Federalism and the ACA: How States Can Control Health Care Destiny

David Harsanyi explains just how expensive the “Affordable Care Act” will be:

And even after all the taxes and mandates, the CBO [Congressional Budget Office] estimates that by 2021, around 26 million Americans still won’t have health insurance. What will it cost to provide universal coverage using the Obamacare model be? We don’t know. But a person should be highly skeptical about the numbers we’re hearing.
In a study released a few months ago, Chuck Blahous, a Medicare Board of Trustee member named by President Obama, reported that price tag for Obamacare was around $1.15 trillion. It doesn’t lower the deficit as promised but increases it by nearly $530 billion by 2021.
A few years ago, the Senate Joint Economic Committee released a study that looked at initial estimates of programs and their costs in dollars at that time. In 1967, the House Ways and Means Committee predicted that the new Medicare program would cost $12 billion in 1990. It was $110 billion. In 1987, Congress estimated that Medicaid’s hospital subsidies were estimated to cost less than $1 billion in 1992. It was $17 billion.
That’s just two of countless examples.
So even if Obamacare’s coercive individual mandate weren’t technically a tax, it is effectively one of the largest taxes we’ve seen in a long time. And, all signs say, it’s going to get a lot bigger. In the end, someone’s got to pay.

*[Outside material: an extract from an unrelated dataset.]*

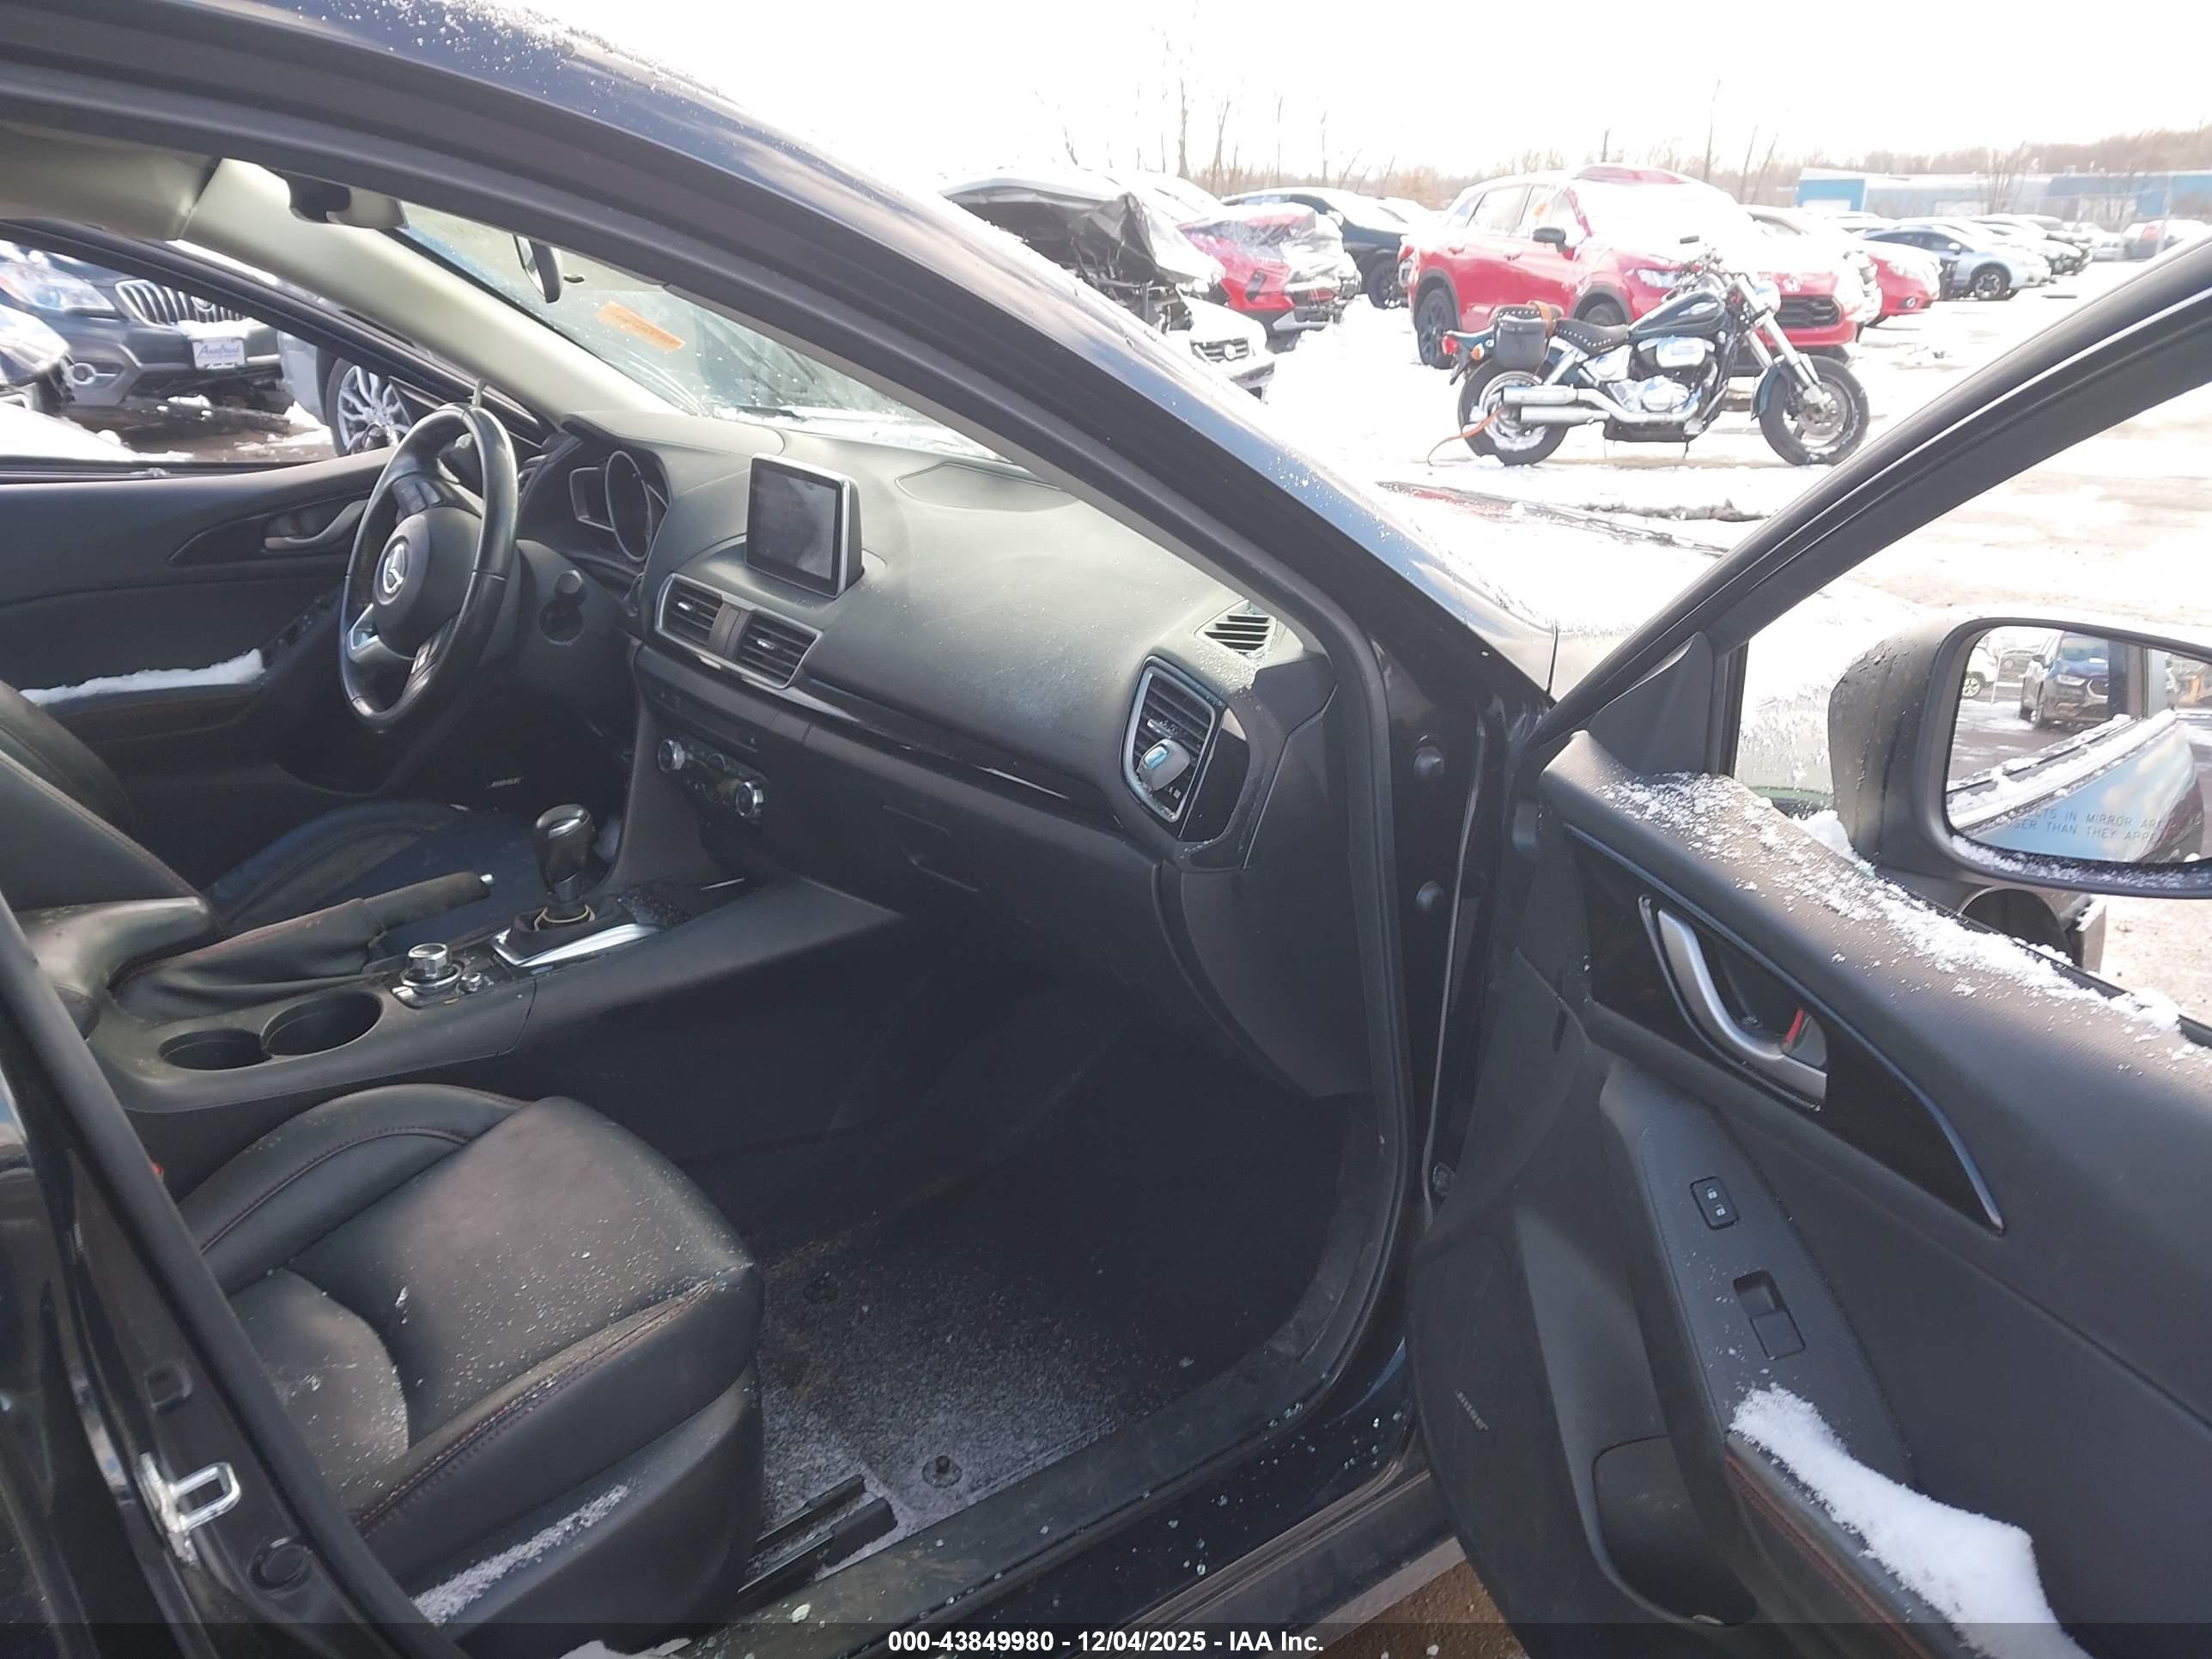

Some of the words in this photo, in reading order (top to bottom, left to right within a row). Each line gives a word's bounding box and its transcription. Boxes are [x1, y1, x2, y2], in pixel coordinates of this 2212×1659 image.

[2065, 810, 2077, 822] IN
[2086, 812, 2133, 826] MIRROR
[2046, 822, 2077, 835] THAN
[2087, 826, 2118, 839] THEY

There is a way around this for states, as Jeffrey Singer of the CATO Institute explains. According to Singer, states refusing to expand their Medicaid programs will “place a huge obstacle in the path of implementing” the ACA. This is because this will shift coverage for those individuals into the Health Care exchanges that are mandated by the ACA but states aren’t obligated to create on their own. And they shouldn’t.

The state reaps no advantage from creating an exchange. This is because the state must carry out all federal directives in operating and implementing the exchange, and has no autonomy in the matter. In effect, all it does is make the state act as the proxy — the executive secretary, if you will — for the federal government in operating its exchange.

Therefore, states that opt-out of Medicaid expansion should also elect to not create their own Health Care Exchange, thereby shifting the burden of Exchange creation back onto the federal government.

According to the Affordable Care Act, the federal government will set up a health insurance exchange in any state that chooses not to create its own exchange. It is through these exchanges that people will obtain their government-approved health insurance….according to explicit wording in the Affordable Care Act, if the states let the federal government create the exchanges, then residents of those states will not be able to receive federal subsidies to help them purchase the super-expensive, government-designed, government-mandated health insurance. Without those subsidies, few people would want to purchase these expensive policies.


[If the] federal government creates the exchanges, small businesses are exempt from the onerous employer mandates. This rescues small businesses from the huge financial burden Obamacare places upon them. It will enable them to expand and add jobs without fear of financial insolvency from health insurance mandates.
In short, if the states don’t create their own exchanges, Obamacare won’t work.
So the cloud of the Supreme Court’s Obamacare decision indeed comes with a silver lining. It leaves the states holding all the cards. The future of Obamacare is in their hands.

Justin has also explained how the Affordable Care Act will lead to less affordable health care for Rhode Islanders and has expanded on it with a policy brief (PDF) published by the Rhode Island Center for Freedom and Prosperity, which also recommends that Rhode Island should pass a Health Care Freedom Act:

1) Repeal the governor’s executive order creating PPACA Health Insurance Exchanges.
2) Apply for a State Innovation Waiver to free RI from certain provisions of PPACA, including exchanges.
3) Enact a Health Care Freedom Act that would:
a) Open up competition by allowing interstate sales to permit Rhode Islanders
to purchase health insurance plans from approved providers in other states.
b) Allow an “opt out” provision from the state’s currently burdensome level of
health insurance mandates and require insurers to openly display the original
mandates not included.
4) Pass an amendment to the state constitution to prohibit the federal government from ever requiring Rhode Island residents to buy health insurance.
5) Pass a resolution calling for amendment of the federal Constitution to invalidate PPACA.

Similar actions are being taken in other states. Unfortunately, given our current governor and the political makeup of our state, there is is a snowball’s chance in July of Rhode Island opting out. In fact, we’re rushing to be the first in.